* [BRIEF]
Leave the images out and write out each entry exactly as shown.

* [SUPPLIED ENTRIES]

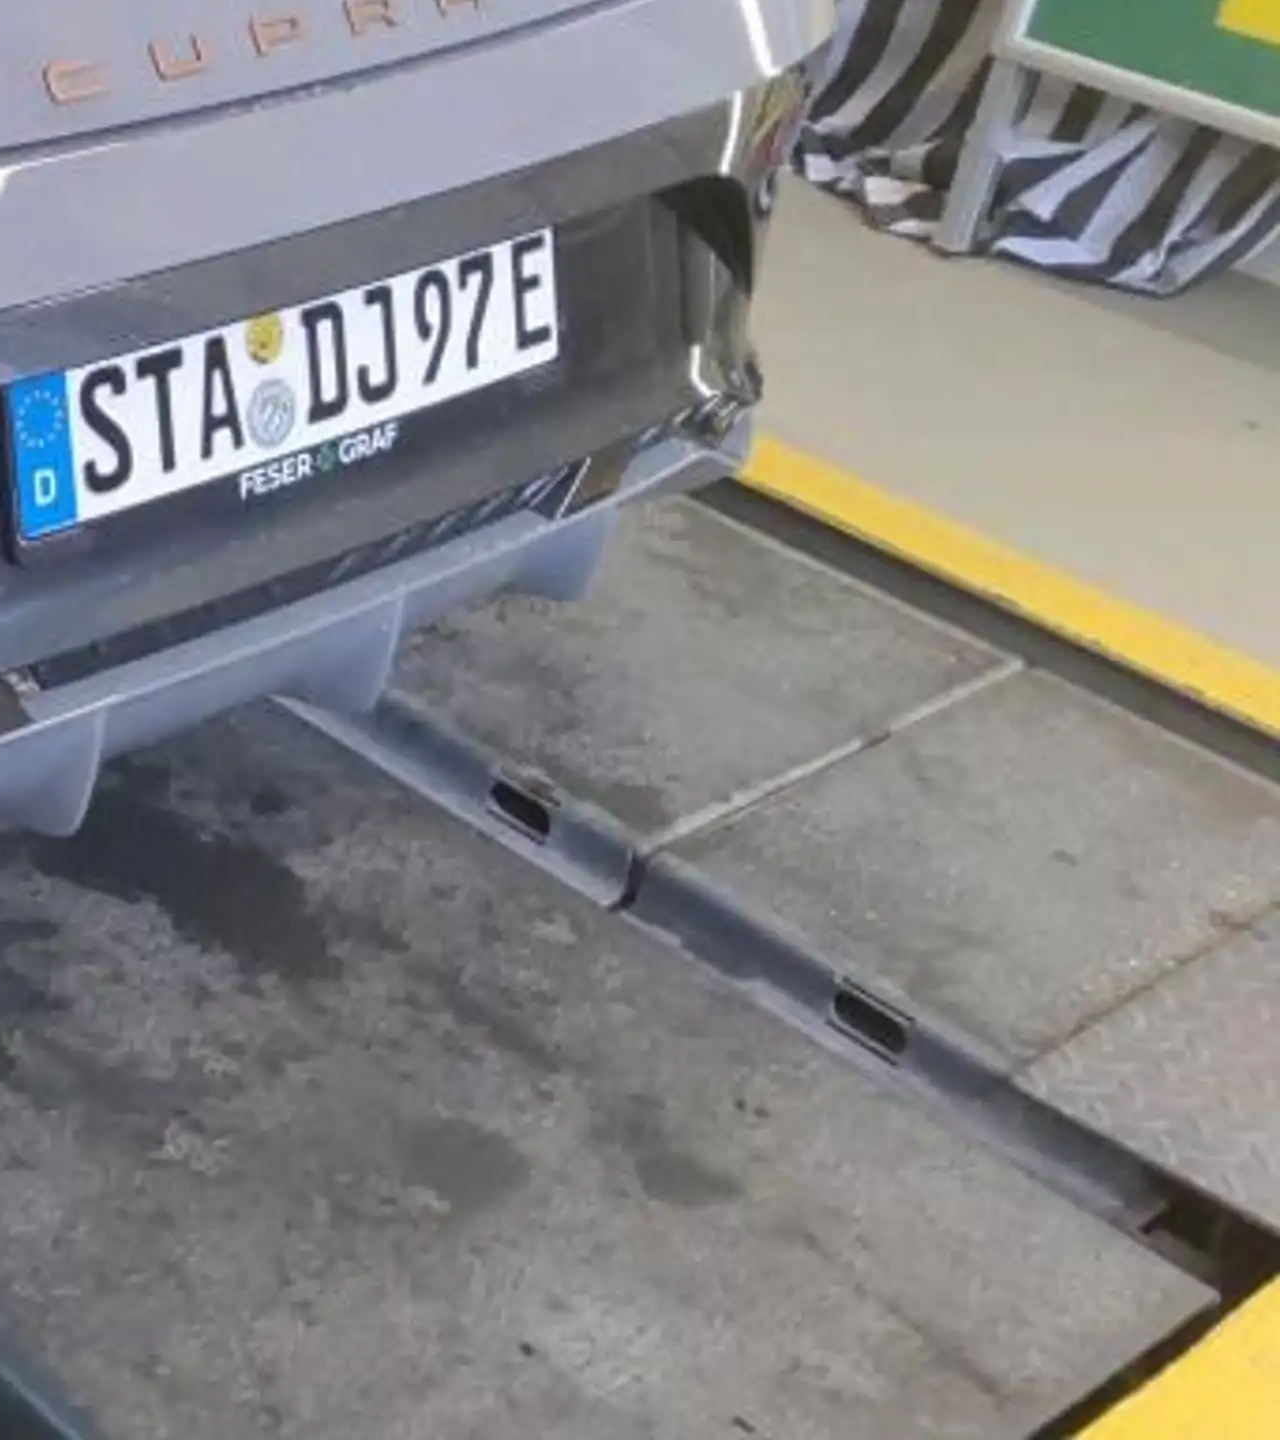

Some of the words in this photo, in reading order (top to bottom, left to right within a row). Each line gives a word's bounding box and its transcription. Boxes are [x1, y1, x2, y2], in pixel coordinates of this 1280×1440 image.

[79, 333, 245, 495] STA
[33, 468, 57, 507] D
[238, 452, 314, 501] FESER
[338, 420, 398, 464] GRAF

* [ANSWER BOX]
Some of the words in this photo, in reading order (top to bottom, left to right within a row). Each line gives a word's bounding box and its transcription. Boxes are [x1, y1, x2, y2], in pixel coordinates of this 1280×1440 image.

[79, 333, 245, 495] STA
[33, 468, 57, 507] D
[238, 452, 314, 501] FESER
[338, 420, 398, 464] GRAF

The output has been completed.